▶ [Exercise prompt] Retype the lines of the listing below exactly, but only those from the one containing "this 1344×1512 image." through the last line; pictures stay out.

▶ [Data for review]
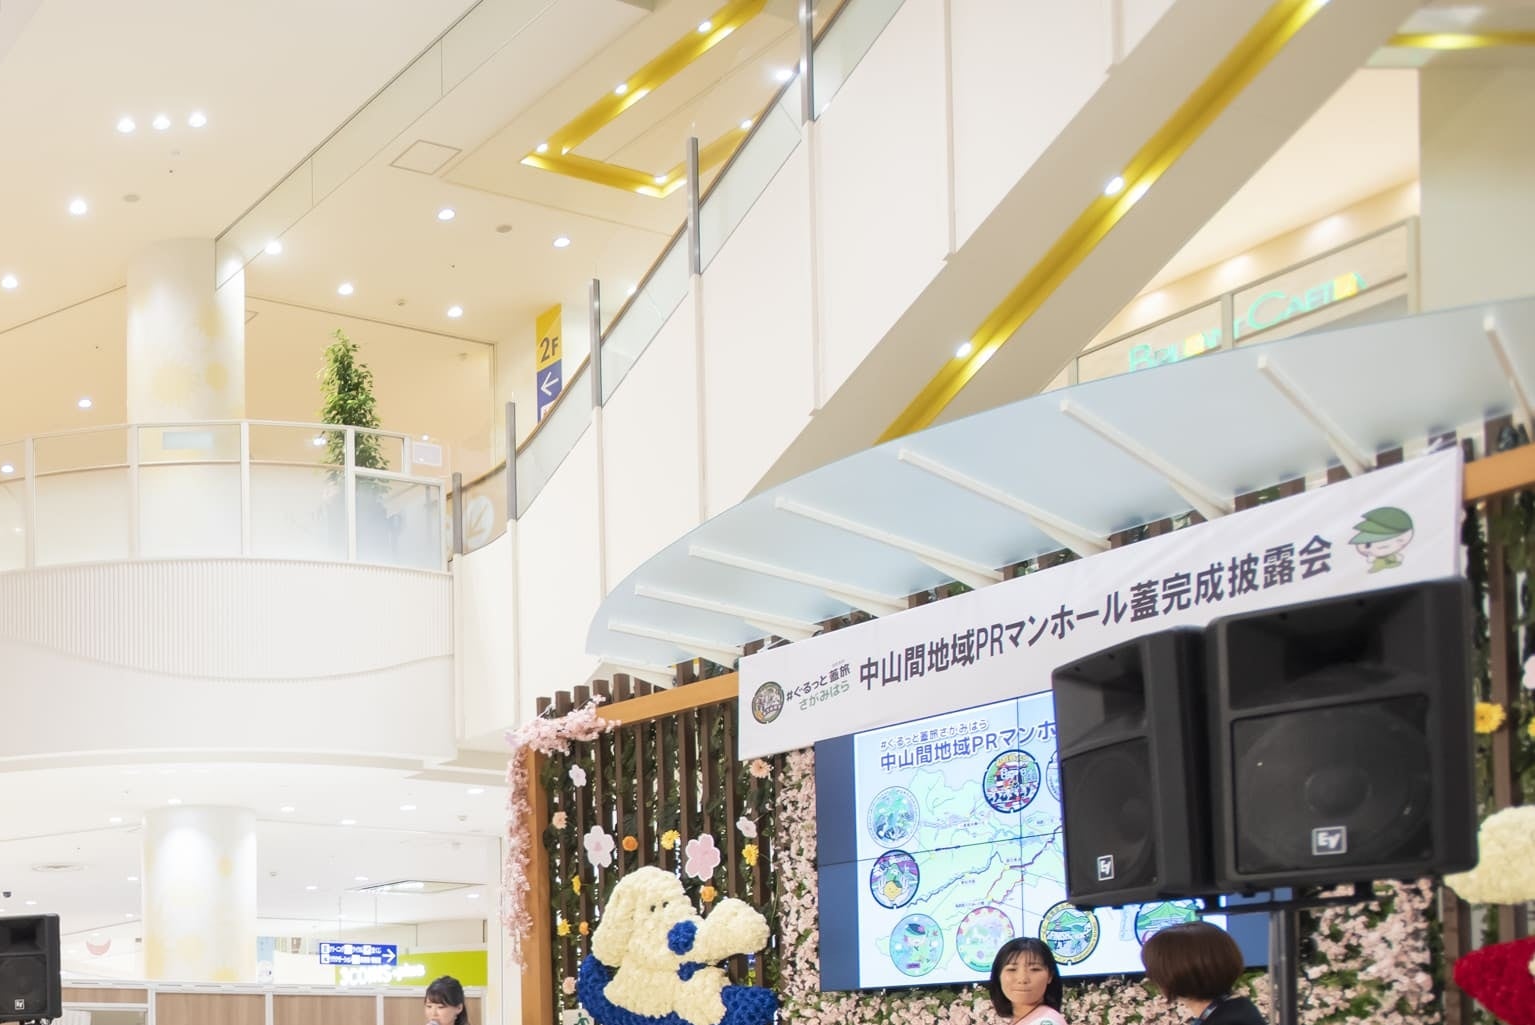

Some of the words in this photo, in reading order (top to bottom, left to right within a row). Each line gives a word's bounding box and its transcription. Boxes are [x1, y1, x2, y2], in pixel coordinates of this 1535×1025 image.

[540, 336, 560, 363] 2F
[859, 534, 1334, 692] 中山間地域PRマンホール蓋完成披露会
[799, 680, 850, 711] さがみはら
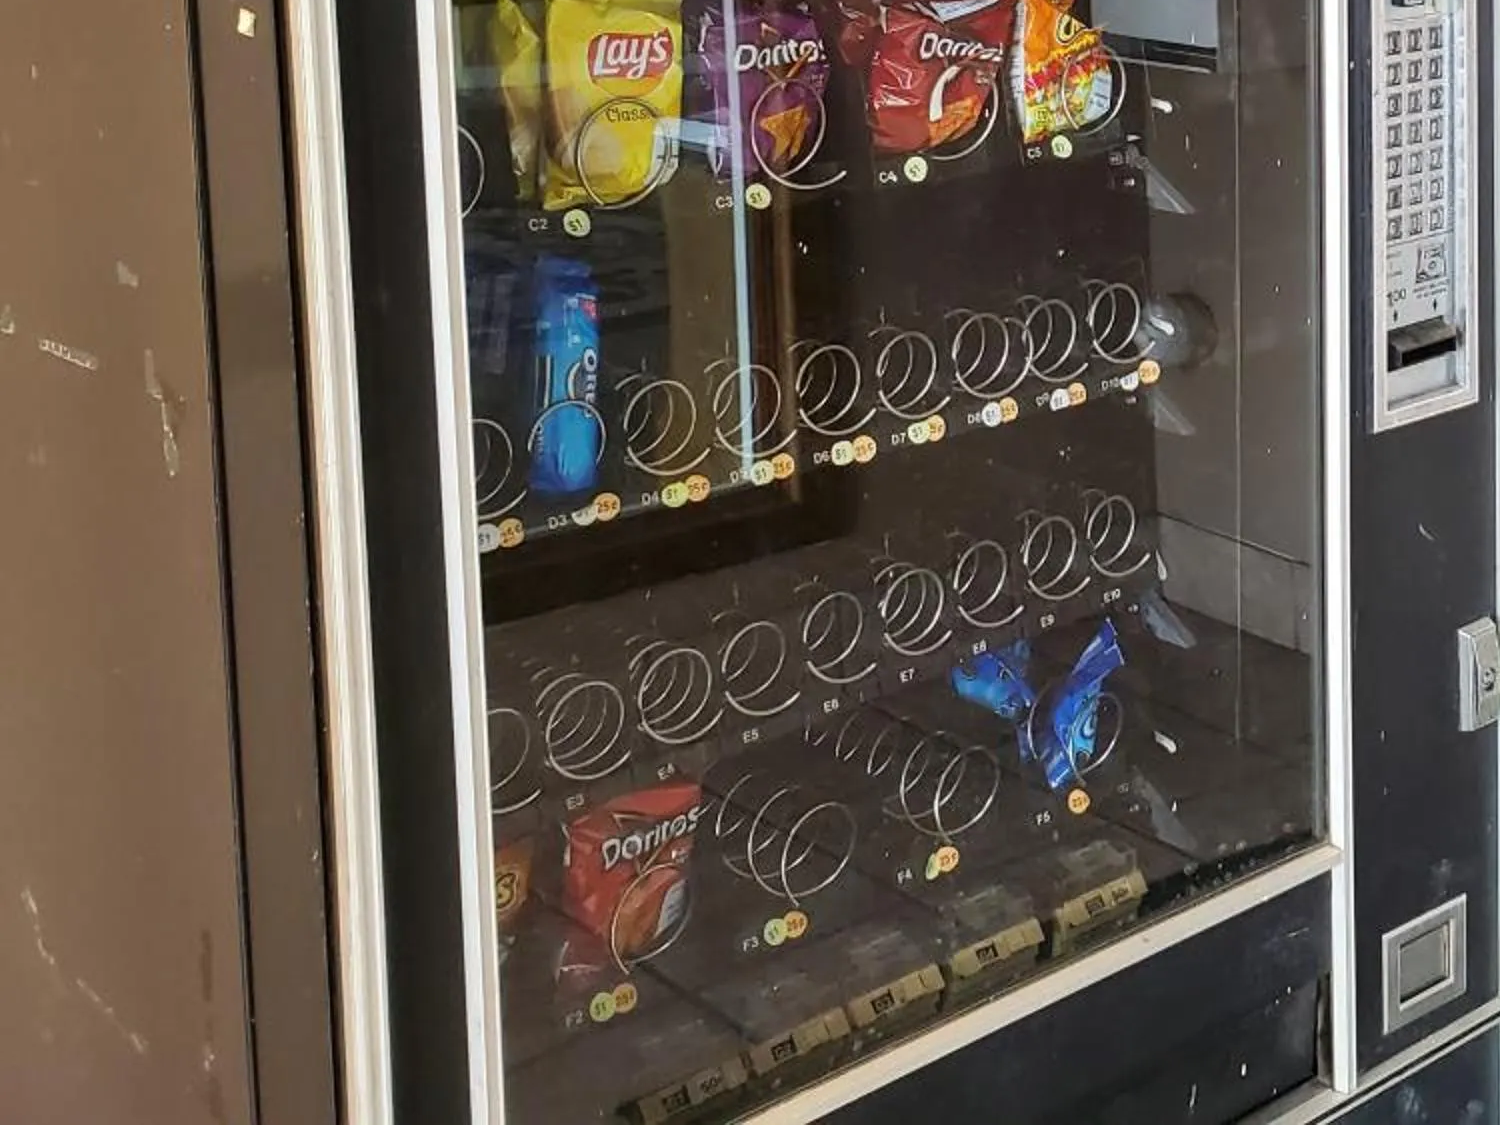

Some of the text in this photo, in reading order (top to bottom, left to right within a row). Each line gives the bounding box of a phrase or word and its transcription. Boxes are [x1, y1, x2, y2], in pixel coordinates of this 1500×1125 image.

[594, 31, 669, 80] Lay's
[605, 107, 652, 123] Class
[1027, 147, 1042, 159] C5
[715, 196, 734, 209] C3
[528, 218, 549, 231] C2
[891, 432, 906, 446] D7
[547, 515, 568, 530] D3
[900, 668, 915, 683] E7
[743, 728, 760, 744] E5
[565, 793, 585, 811] E3
[602, 806, 701, 871] Doritos
[743, 936, 760, 952] F3
[564, 1008, 584, 1029] F2
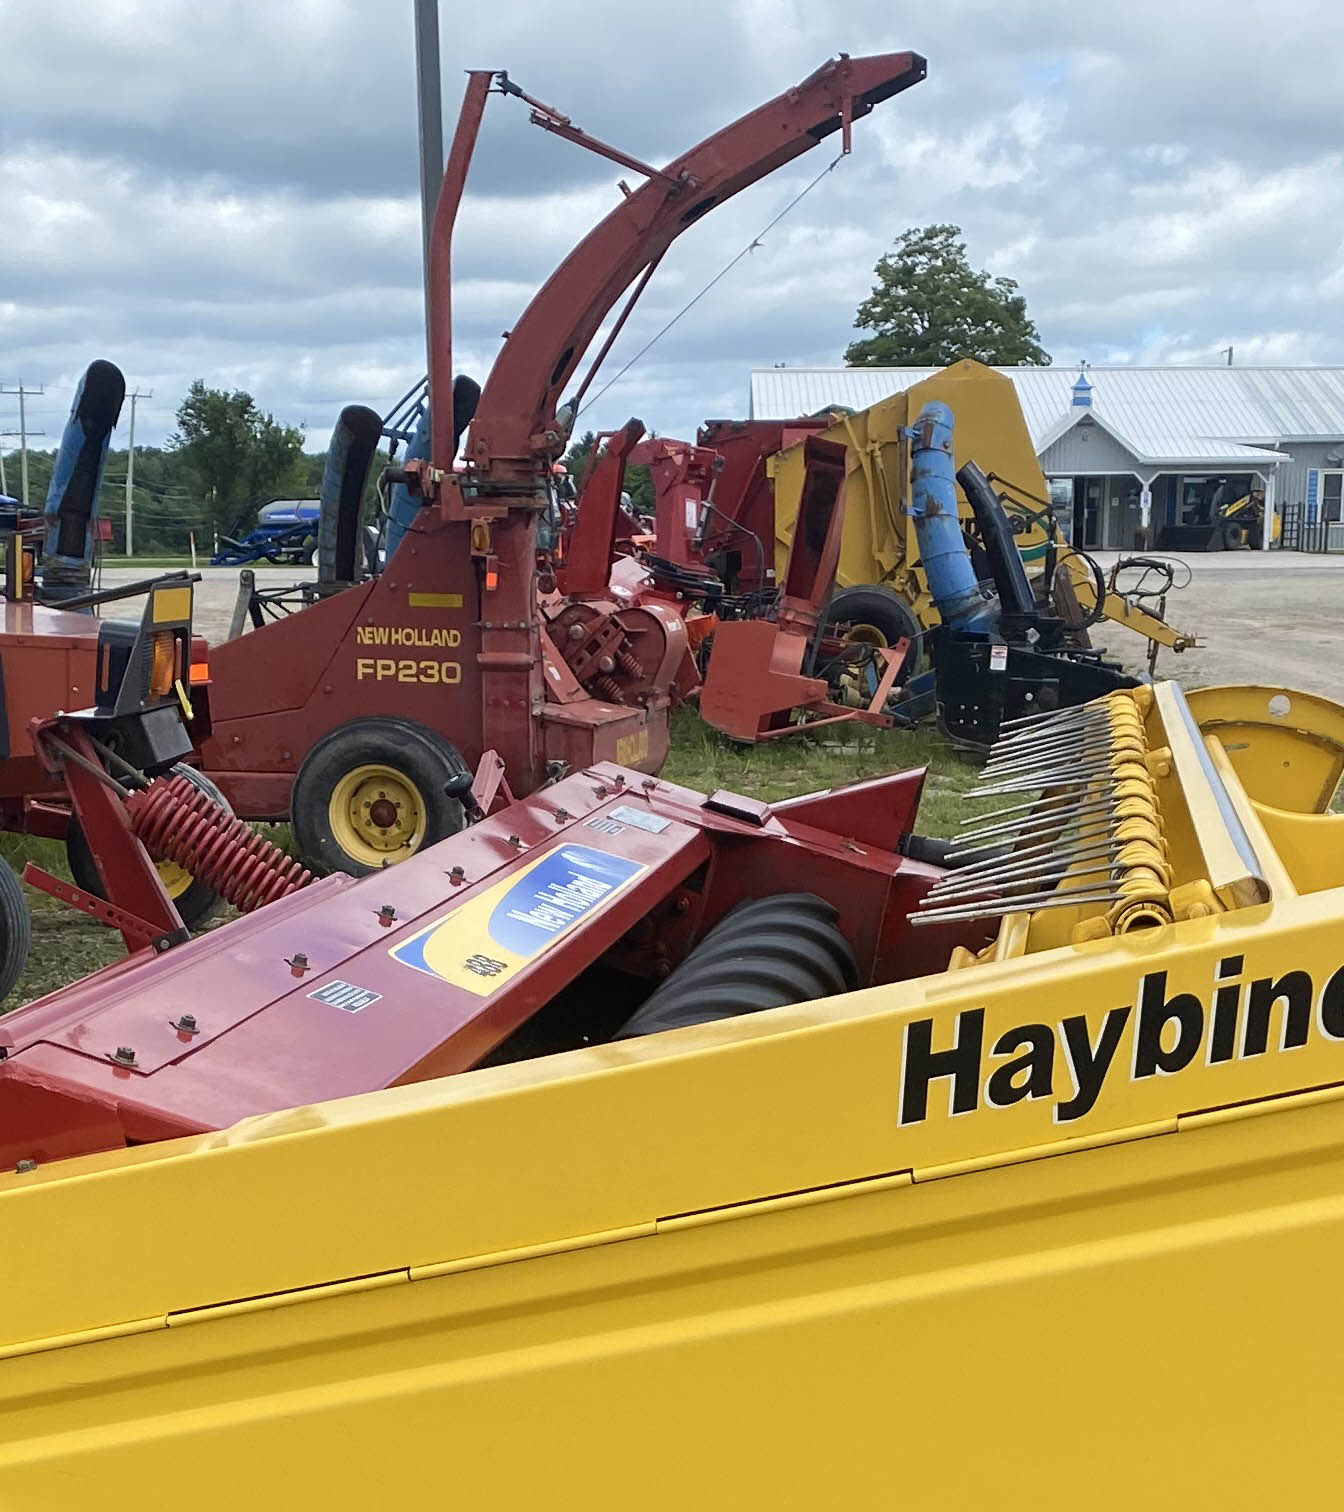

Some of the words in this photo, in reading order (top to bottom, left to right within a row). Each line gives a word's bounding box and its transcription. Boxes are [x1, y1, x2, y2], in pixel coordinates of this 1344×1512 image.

[357, 626, 390, 645] NEW
[391, 627, 461, 648] HOLLAND
[357, 658, 462, 684] FP230
[534, 871, 613, 913] Holland
[506, 902, 575, 932] New
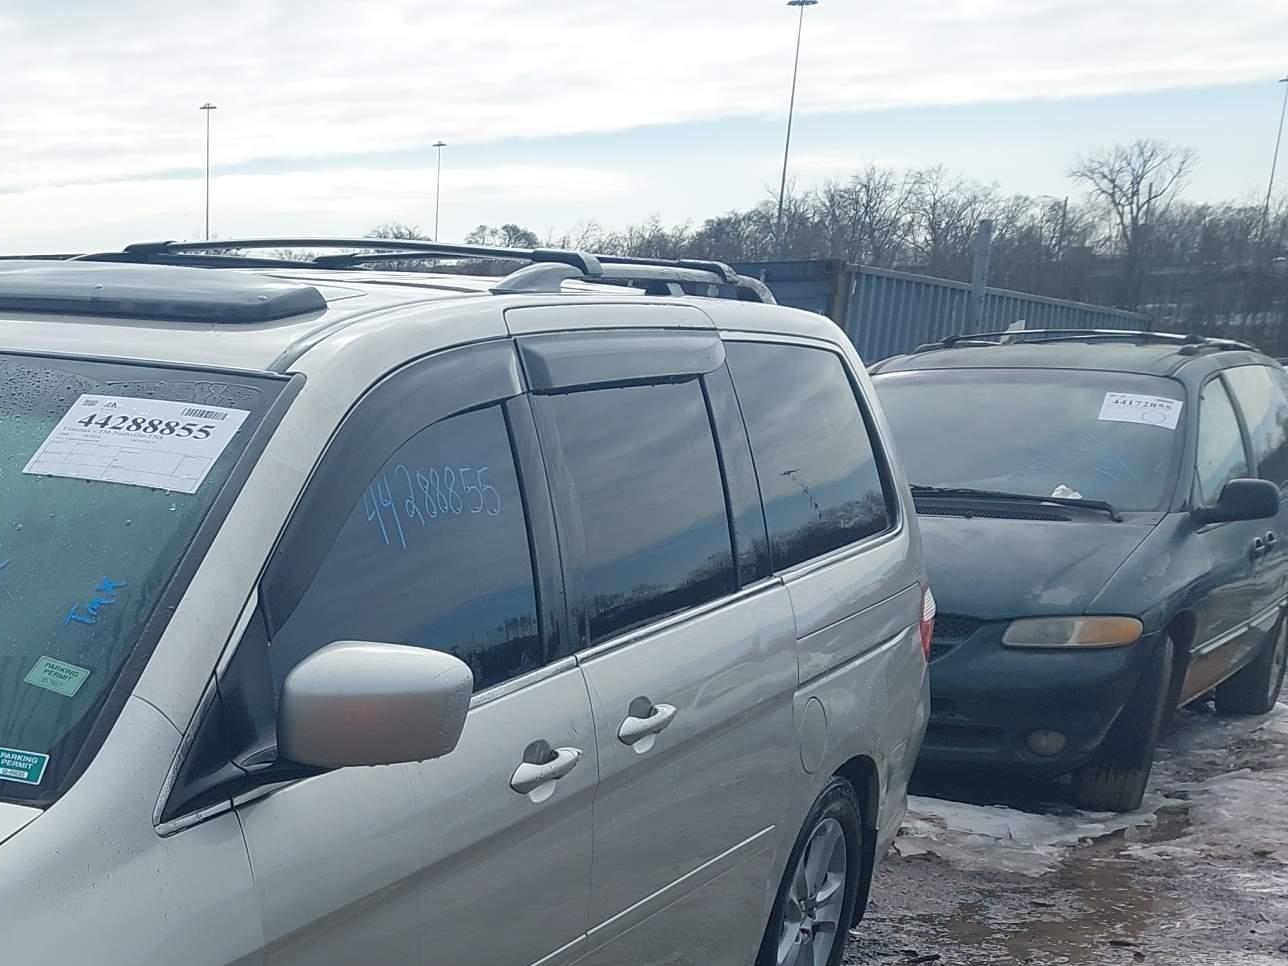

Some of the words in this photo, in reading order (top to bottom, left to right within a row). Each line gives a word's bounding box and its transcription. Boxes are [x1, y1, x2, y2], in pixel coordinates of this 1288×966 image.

▶ [Answer to the problem]
Some of the words in this photo, in reading order (top to bottom, left to right within a row). Each line gives a word's bounding box and its transcription. Boxes are [x1, y1, x2, y2], in pixel coordinates of this 1344×1512 image.

[357, 626, 390, 645] NEW
[391, 627, 461, 648] HOLLAND
[357, 658, 462, 684] FP230
[534, 871, 613, 913] Holland
[506, 902, 575, 932] New

Some of the words in this photo, in reading order (top to bottom, left to right within a row). Each line gives a word's bounding box and its transcription. Boxes are [x1, y1, x2, y2], in pixel coordinates of this 1288×966 image.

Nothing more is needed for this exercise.